__Activity__
Transcribe all of the records, leaving out any pictures.

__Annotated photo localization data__
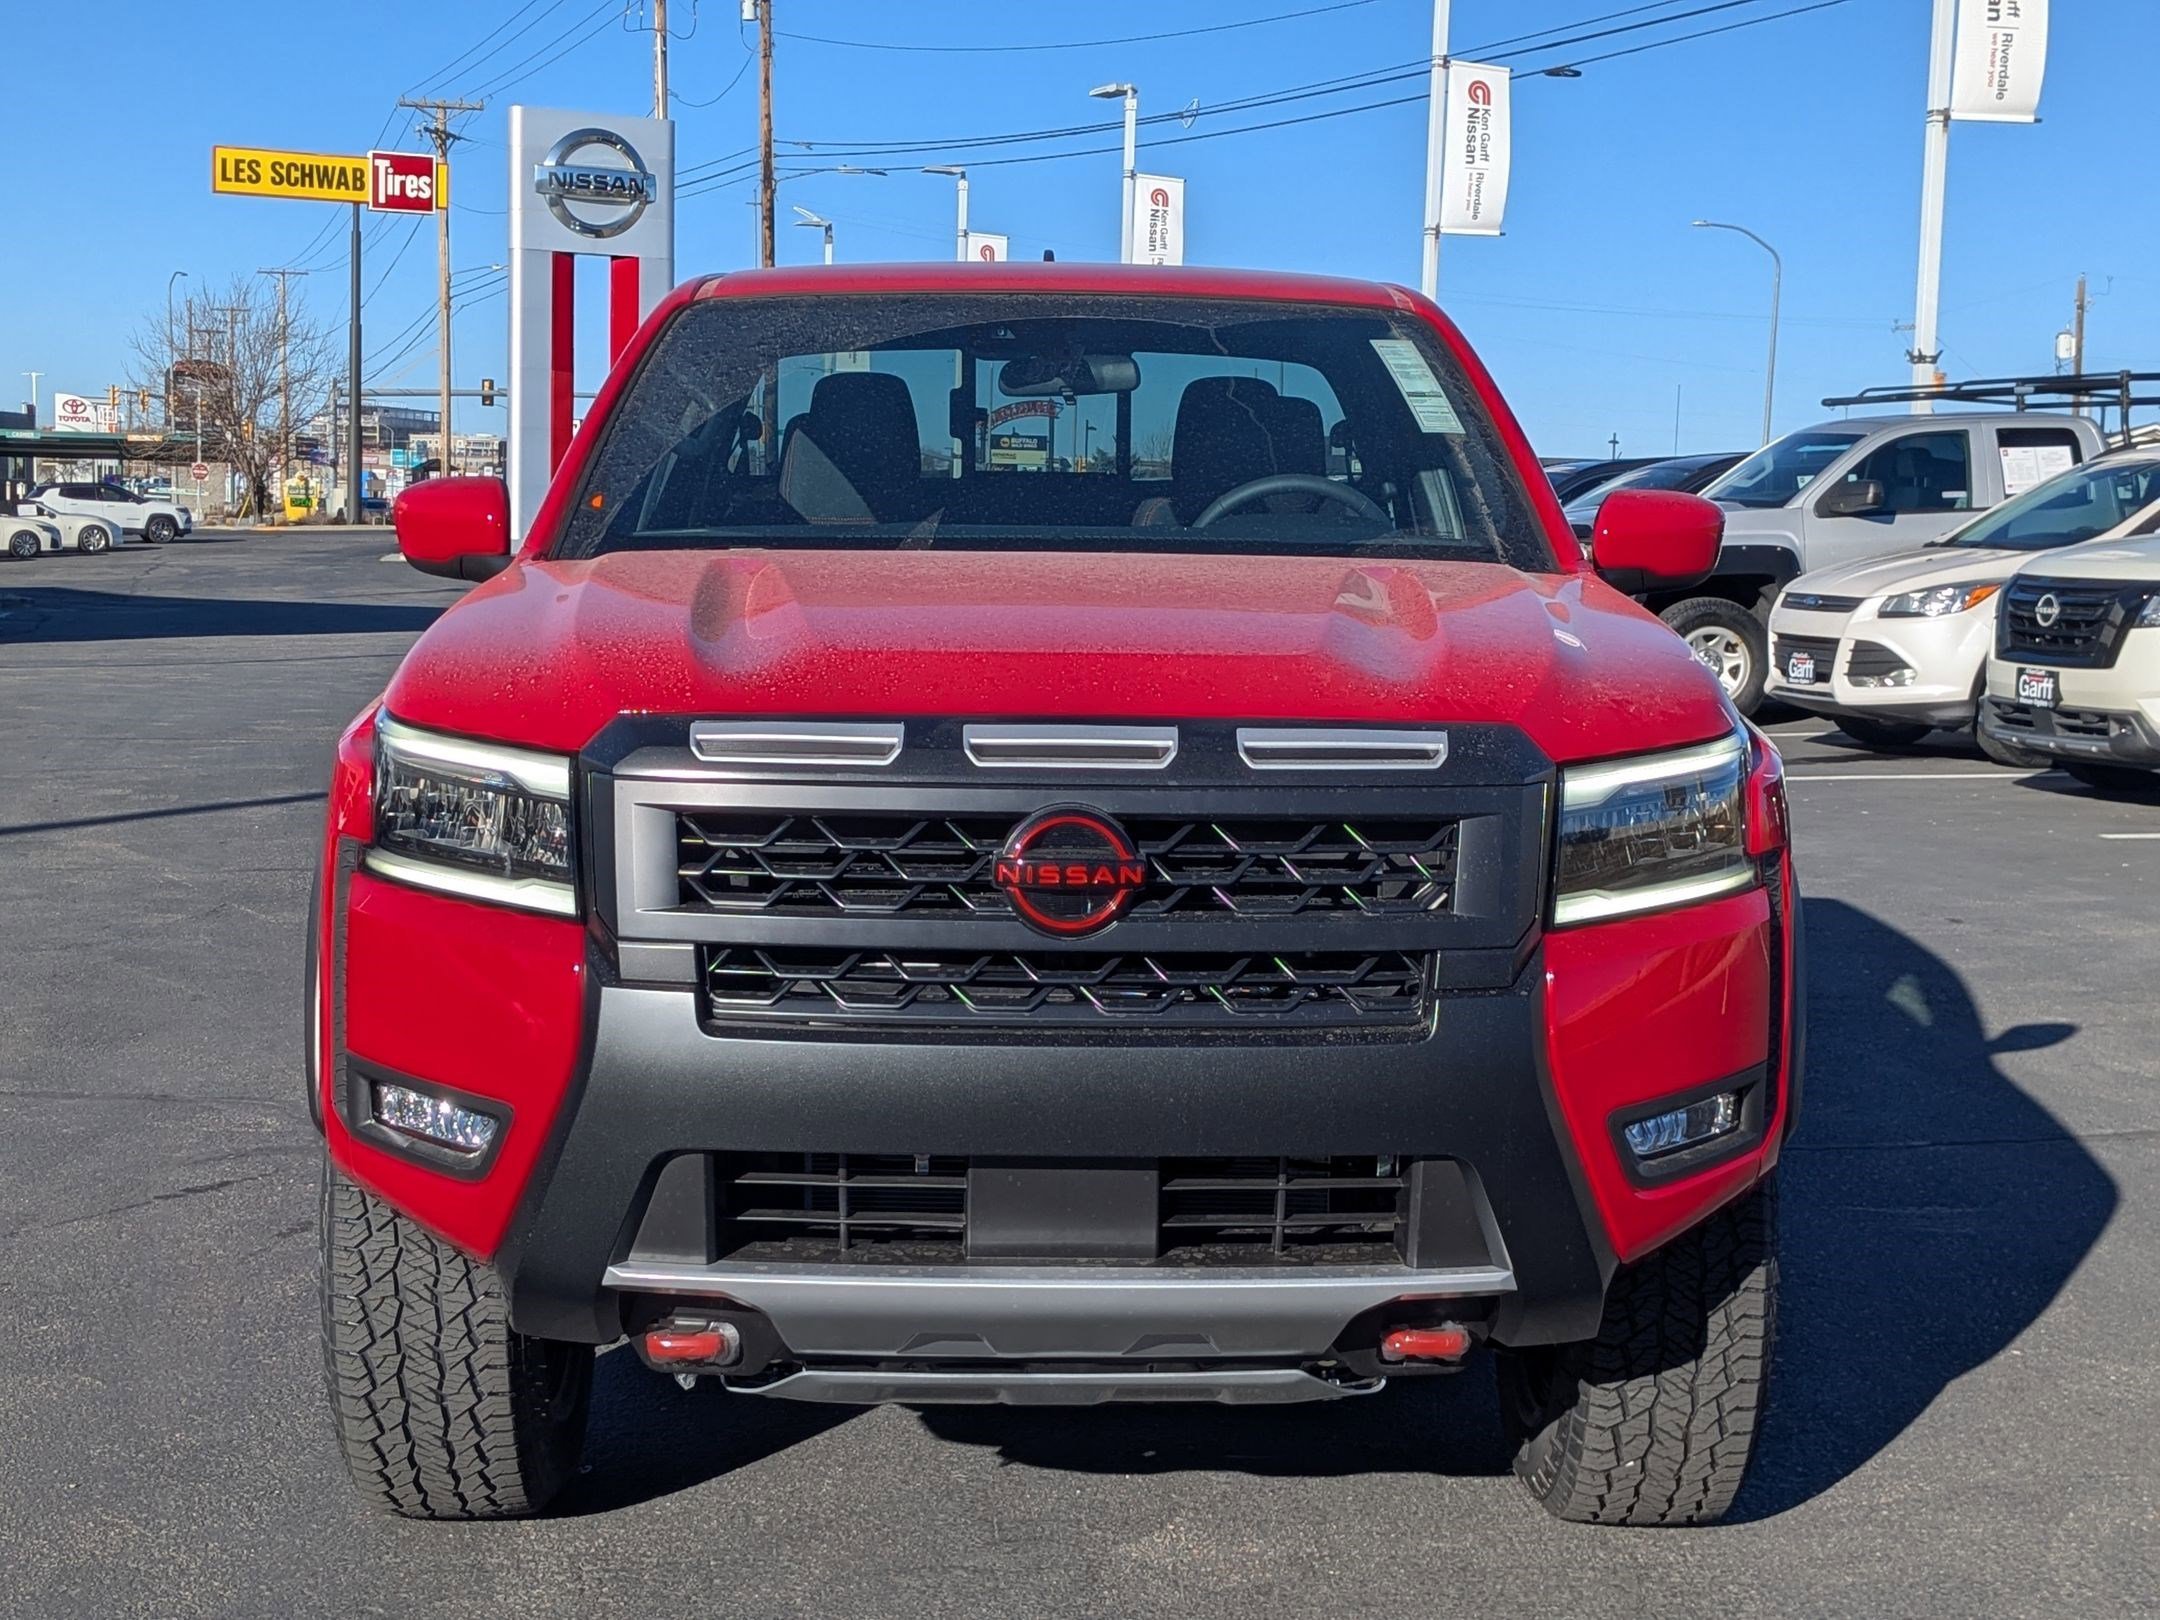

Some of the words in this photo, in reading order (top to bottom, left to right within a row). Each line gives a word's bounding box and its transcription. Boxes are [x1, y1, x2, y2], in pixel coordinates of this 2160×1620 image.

[2006, 0, 2020, 18] rff
[1991, 33, 1998, 46] we
[1989, 48, 1998, 68] hear
[1995, 33, 2014, 100] Riverdale
[1987, 70, 1995, 88] you
[1480, 108, 1491, 130] Ken
[1465, 107, 1480, 165] Nissan
[1480, 133, 1491, 162] Garff
[221, 157, 262, 184] LES
[270, 160, 366, 192] SCHWAB
[374, 158, 432, 204] Tires
[548, 171, 645, 194] NISSAN
[1472, 172, 1485, 221] Riverdale
[1160, 209, 1169, 226] Ken
[1148, 208, 1160, 252] Nissan
[1160, 228, 1168, 250] Garff
[58, 415, 91, 423] TOYOTA
[1789, 658, 1814, 678] Garff
[2019, 674, 2053, 700] Garff
[996, 863, 1145, 885] NISSAN
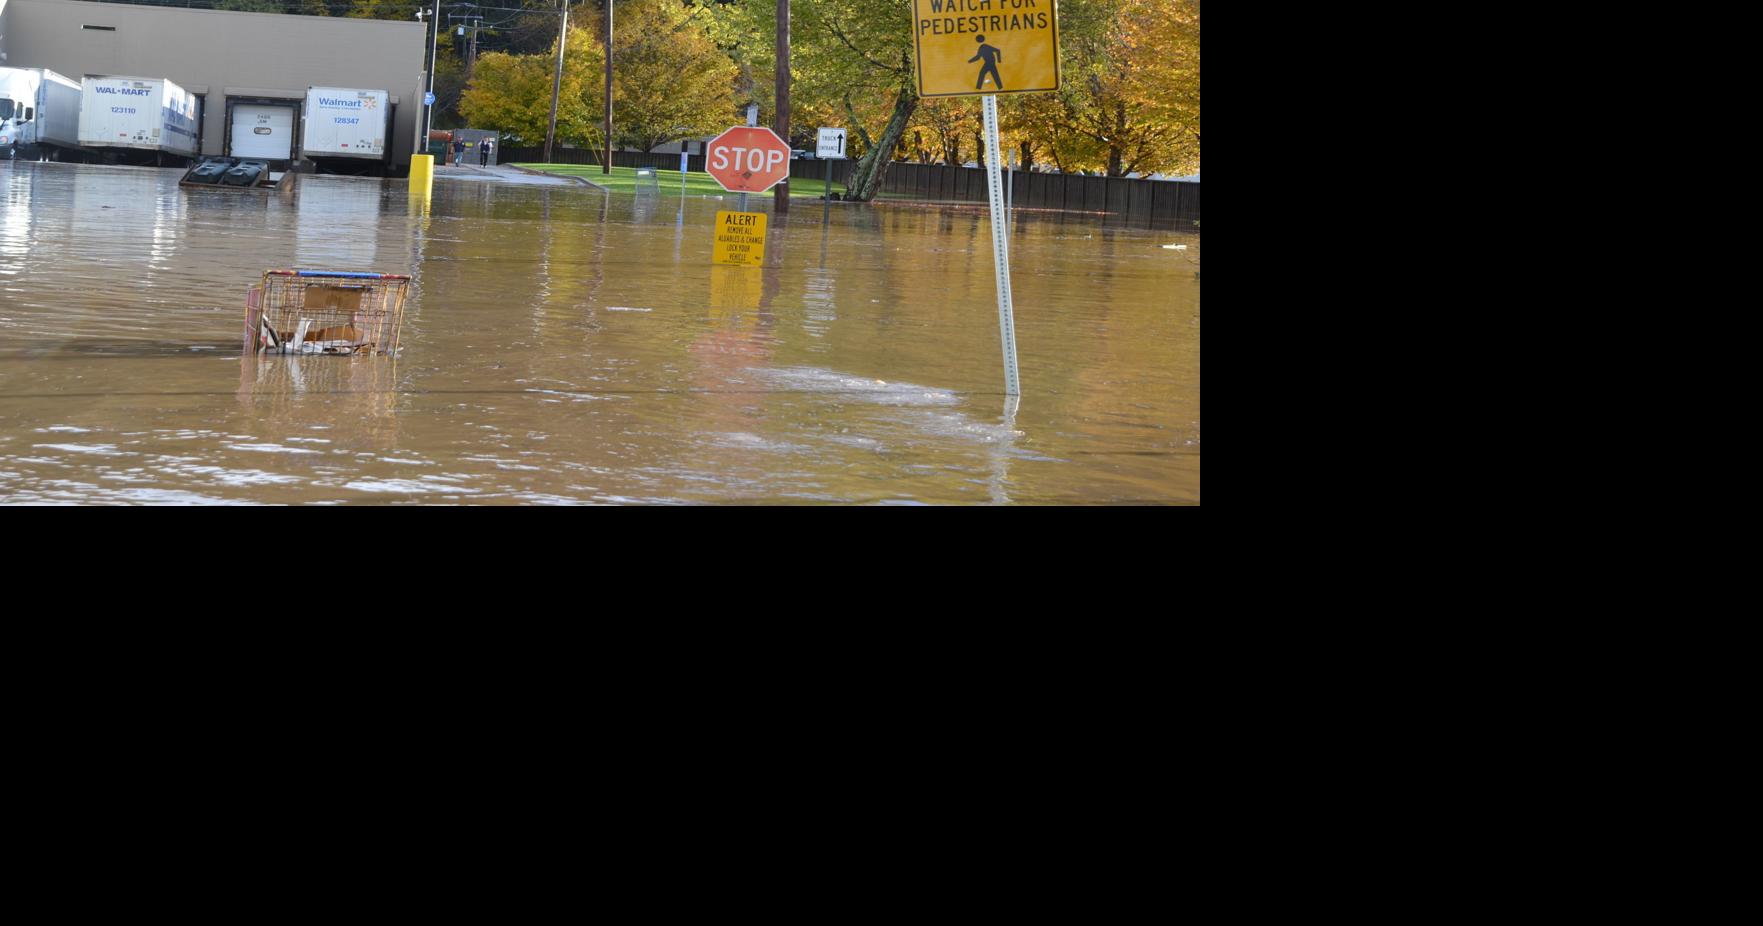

__Solution__
Some of the words in this photo, in reading order (top to bottom, left to right within a row). Each line gives a word's bounding box and its transcription. Boxes are [x1, y1, x2, y2], in pixel coordinates of this 2160×1620 image.

[2006, 0, 2020, 18] rff
[1991, 33, 1998, 46] we
[1989, 48, 1998, 68] hear
[1995, 33, 2014, 100] Riverdale
[1987, 70, 1995, 88] you
[1480, 108, 1491, 130] Ken
[1465, 107, 1480, 165] Nissan
[1480, 133, 1491, 162] Garff
[221, 157, 262, 184] LES
[270, 160, 366, 192] SCHWAB
[374, 158, 432, 204] Tires
[548, 171, 645, 194] NISSAN
[1472, 172, 1485, 221] Riverdale
[1160, 209, 1169, 226] Ken
[1148, 208, 1160, 252] Nissan
[1160, 228, 1168, 250] Garff
[58, 415, 91, 423] TOYOTA
[1789, 658, 1814, 678] Garff
[2019, 674, 2053, 700] Garff
[996, 863, 1145, 885] NISSAN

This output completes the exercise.